Doesn’t Chronos check in about now and grumble about the whole rest-or-inertial mass terminology and complications in subsequent analysis?
No, I don’t grumble about that, because so far as anyone can tell, rest mass (the portion of a system’s energy which cannot be transformed away in any reference frame) is identically the same as inertial mass (the ratio of the net force on an object to its proper acceleration). In fact, they appear to be so identically equal, that it’s difficult to even see where to draw the lines between them: One could equally say, for instance, that Newton’s Second Law is the definition of force, not the definition of mass.
That was the grumble I was talking about.
I didn’t mean it to be a grumble. To be (hopefully) more clear, there are a number of ways one can define “mass”. If one wants to ask “are the different definitions of mass equivalent”, then one must specify exactly what definitions one means, which is hard work.
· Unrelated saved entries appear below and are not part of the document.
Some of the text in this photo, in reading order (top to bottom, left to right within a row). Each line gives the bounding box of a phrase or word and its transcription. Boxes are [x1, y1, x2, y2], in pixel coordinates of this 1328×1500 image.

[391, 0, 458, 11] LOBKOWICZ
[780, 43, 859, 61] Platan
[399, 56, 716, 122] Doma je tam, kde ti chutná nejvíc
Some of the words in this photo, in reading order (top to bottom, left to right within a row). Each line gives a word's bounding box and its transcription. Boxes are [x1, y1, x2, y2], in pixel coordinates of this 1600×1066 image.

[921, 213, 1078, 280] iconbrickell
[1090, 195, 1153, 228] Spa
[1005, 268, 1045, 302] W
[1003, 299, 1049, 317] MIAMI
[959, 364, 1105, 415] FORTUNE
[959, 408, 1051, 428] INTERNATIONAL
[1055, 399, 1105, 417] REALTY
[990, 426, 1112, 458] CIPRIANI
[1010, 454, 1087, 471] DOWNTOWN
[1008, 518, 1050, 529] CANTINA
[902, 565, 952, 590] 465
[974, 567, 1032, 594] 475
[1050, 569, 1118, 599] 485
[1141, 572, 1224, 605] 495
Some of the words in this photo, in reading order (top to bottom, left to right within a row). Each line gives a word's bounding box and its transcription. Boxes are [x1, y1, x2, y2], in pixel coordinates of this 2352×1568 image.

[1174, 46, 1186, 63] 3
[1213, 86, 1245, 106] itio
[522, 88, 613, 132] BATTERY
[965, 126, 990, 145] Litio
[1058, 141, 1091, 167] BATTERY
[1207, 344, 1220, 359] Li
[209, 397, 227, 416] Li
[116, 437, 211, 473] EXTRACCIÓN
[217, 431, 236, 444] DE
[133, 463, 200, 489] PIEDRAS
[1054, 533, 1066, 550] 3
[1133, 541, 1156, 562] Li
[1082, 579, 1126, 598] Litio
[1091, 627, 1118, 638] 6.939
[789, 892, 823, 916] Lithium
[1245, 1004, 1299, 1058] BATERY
But it’s pretty much irrelevant anyway, because for any reasonable set of definitions, the answer to that question is “yes, they are equivalent, so far as we know”.
In other words, while it’s true that precise definitions are very difficult, there’s no point being pedantic about it, because it doesn’t matter to the answer.
EDIT: And I wouldn’t even have said that much, except that you brought it up.
We have not really ever been able to observe a thing which is literally “at rest”. Everything we can detect is in some way in motion, rest is wholly relative to the frame of reference. Even spacetime itself seems to be in motion (expanding space).
And perhaps the inertness of gravitational flexing could be more easily understood in terms of speed = distance / time: it is spacetime that is flexing, and everything already seems to be stuck moving through at least one of those dimensions at a relatively constant rate, so why should things not be naturally inclined to move through the other three at a constant rate?
There’s no cause, it’s just always been that way.